The introduction of the artificial urinary sphincter (AUS) in 1972 was heralded as a revolution for the treatment of genuine stress incontinence. Initial enthusiasm was tempered by disappointment as complications occurred. The device has now been in routine clinical use for more than 30 years, and the indications and surgical principles involved in its use along with short-term and long-term outcomes are more clearly defined. Hence, we reviewed the literature to clarify the role of the AUS and offer a possible solution to its problems in the guise of a new sphincter.


A MEDLINE search was performed and all articles relating to the role of the AUS for the treatment of urinary incontinence were reviewed.
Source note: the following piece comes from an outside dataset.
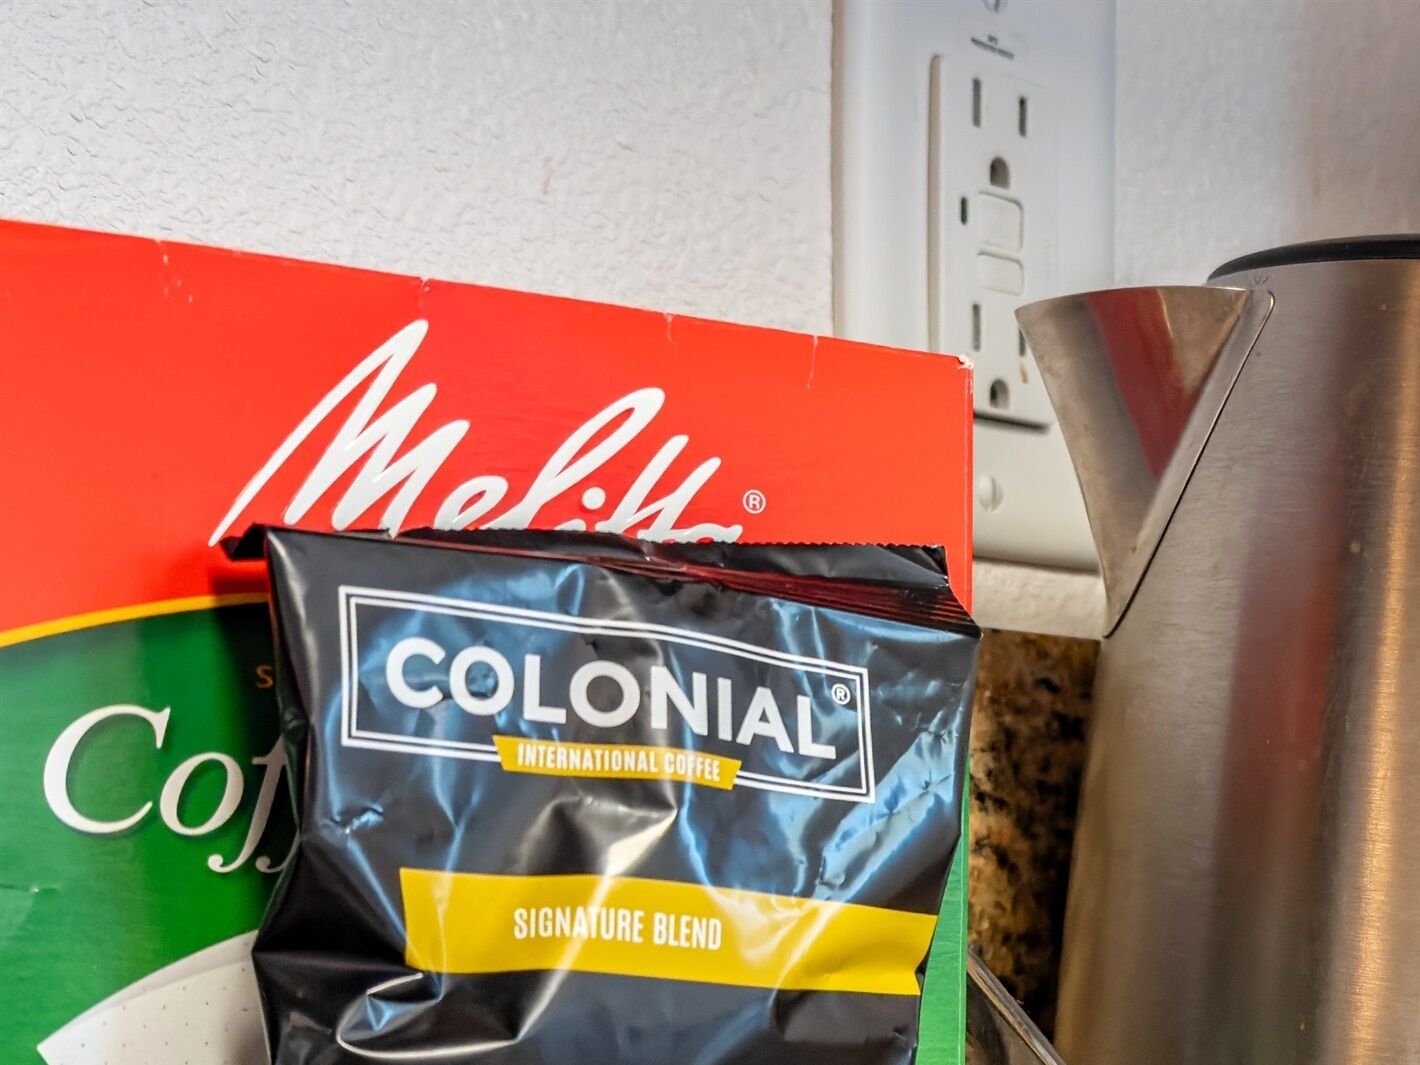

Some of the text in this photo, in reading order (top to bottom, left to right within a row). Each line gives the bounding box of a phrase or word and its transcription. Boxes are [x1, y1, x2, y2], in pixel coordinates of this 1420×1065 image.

The AMS 800 (American Medical Systems, Minnetonka, Minnesota) provides urinary continence in 73% of cases (range 61% to 96%) and it has a complication rate of 12% (range 3% to 33%) for mechanical failure, 4.5% to 67% for early infection/erosion, 15% for late erosion and 7% for delayed recurrent incontinence. The literature supports the role of the AUS as an important and reliable treatment modality for stress urinary incontinence and intrinsic sphincter deficiency. However, it is not suitable in all patients and its use for the management of hypermobility is controversial. Hence, careful patient selection according to indication is required with full preoperative counseling.


Despite its reliability for achieving urinary continence the AMS 800 is not perfect. Newer devices, such as that being developed at our institution, may offer improved outcomes and decreased complication rates.